You could say the trouble for Rodger started when, around puberty, he began to know—and, in writing, recite—the first and last names of every boy he considered a sexual competitor, while at the same time referring to girls almost always collectively. Girls. Pretty girls. Pretty blond girls. Only three girls (or perhaps, by this time, women) are listed by name in My Twisted World, vis-a-vis dozens of boys (I’m not including family members). By the end of his writing and life, he’s failed to distinguish between any groups of humans at all, to the point where he considers his 6-year-old brother yet another budding Romeo who, because “he will grow up enjoying the life [Rodger has] craved for,” must die. “Girls will love him,” Rodger says. “He will become one of my enemies.” Rodger begs our most individuating question—“why don’t you love me?”—by proving himself repeatedly unable to individuate another. In erotic coupling, the ego finds relief in its equal. But had Elliot Rodger ever found his equal and opposite in another human being, he would, by all indications, have been repulsed. Reading him, I kept remembering Rooney Mara’s kiss-off in The Social Network: “You are going to go through life thinking that girls don’t like you because you’re a nerd.1 [Or short. Or half-Asian. Or bad at football, or not a real ladies’ man, or somehow else disappointing to the ur-dads of America.] And I want you to know, from the bottom of my heart, that isn’t true. It’ll be because you’re an asshole.”

I re-read this excellent piece on “El Paquete” the peer-to-peer media network that operates in Cuba from the same friend Nick I fished with in Missoula.
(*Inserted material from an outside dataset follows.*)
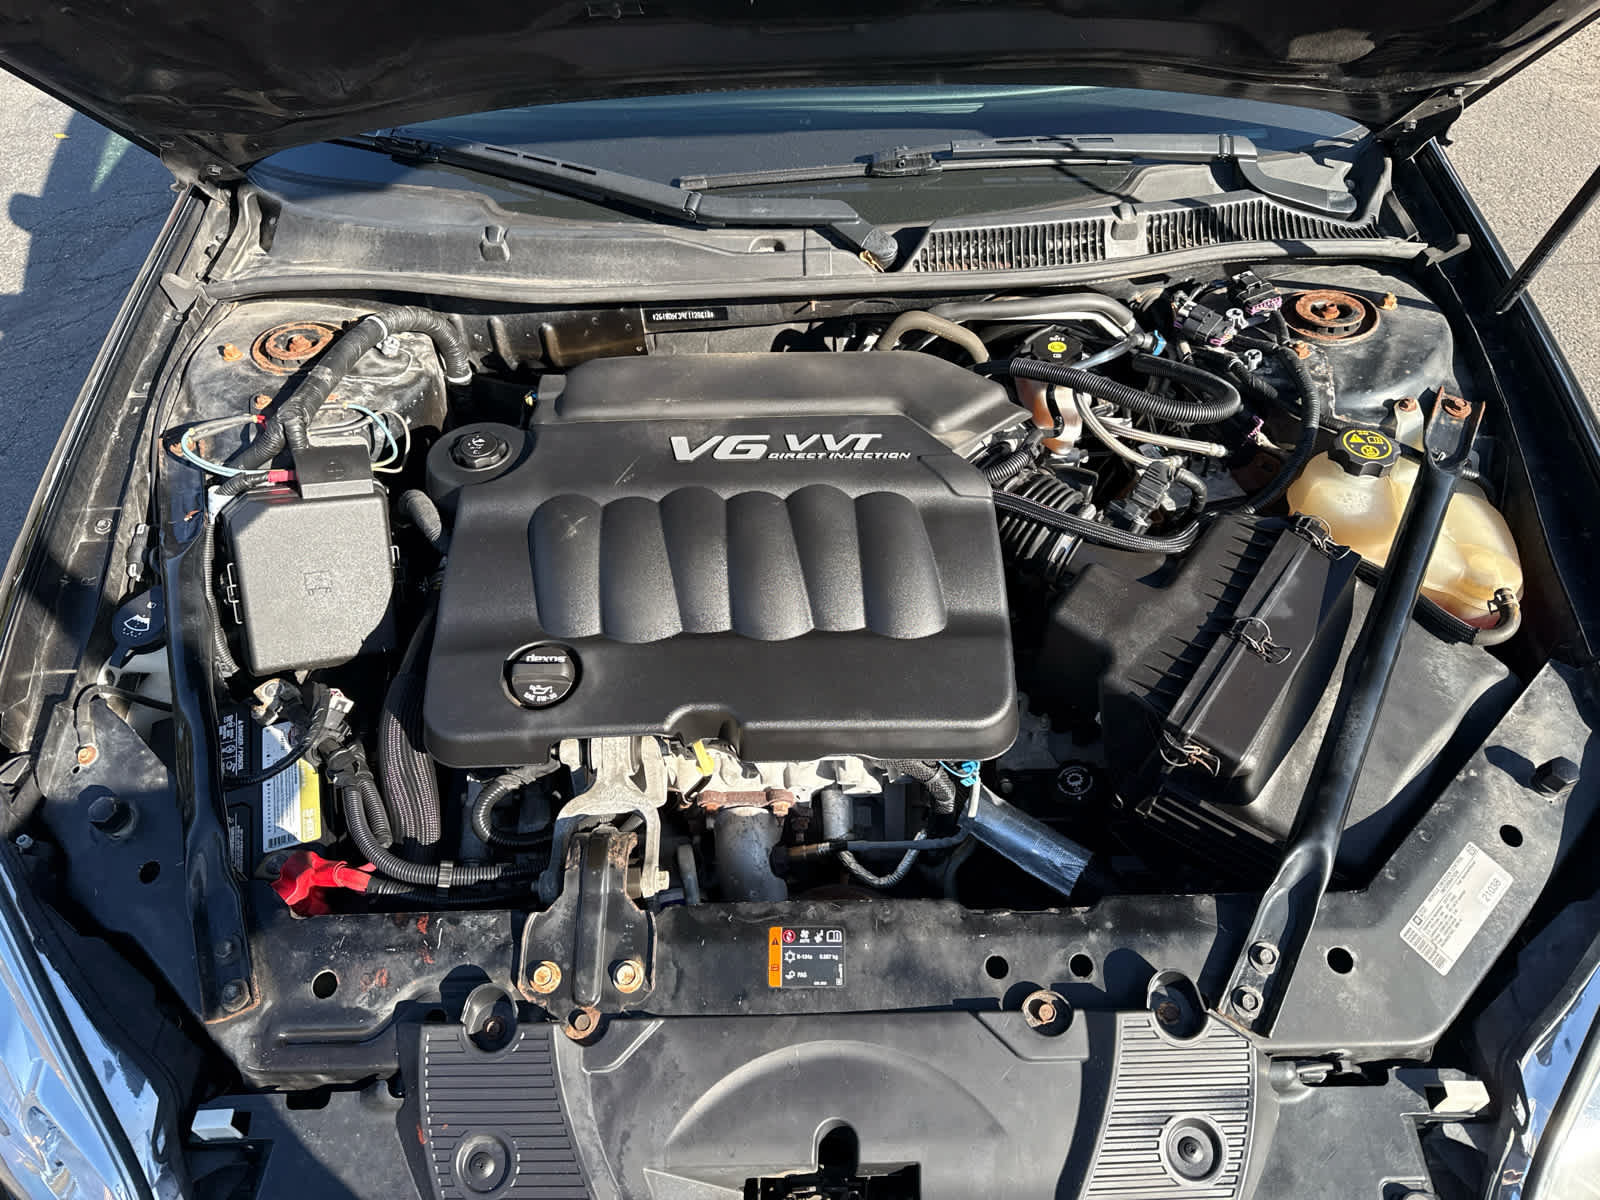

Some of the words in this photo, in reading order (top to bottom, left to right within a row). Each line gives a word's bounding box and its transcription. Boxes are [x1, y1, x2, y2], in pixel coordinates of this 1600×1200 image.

He also turned me onto this Nautilus piece about learning math as an adult. This bit on chunking stood out:

Chunking was originally conceptualized in the groundbreaking work of Herbert Simon in his analysis of chess—chunks were envisioned as the varying neural counterparts of different chess patterns. Gradually, neuroscientists came to realize that experts such as chess grand masters are experts because they have stored thousands of chunks of knowledge about their area of expertise in their long-term memory. Chess masters, for example, can recall tens of thousands of different chess patterns. Whatever the discipline, experts can call up to consciousness one or several of these well-knit-together, chunked neural subroutines to analyze and react to a new learning situation. This level of true understanding, and ability to use that understanding in new situations, comes only with the kind of rigor and familiarity that repetition, memorization, and practice can foster.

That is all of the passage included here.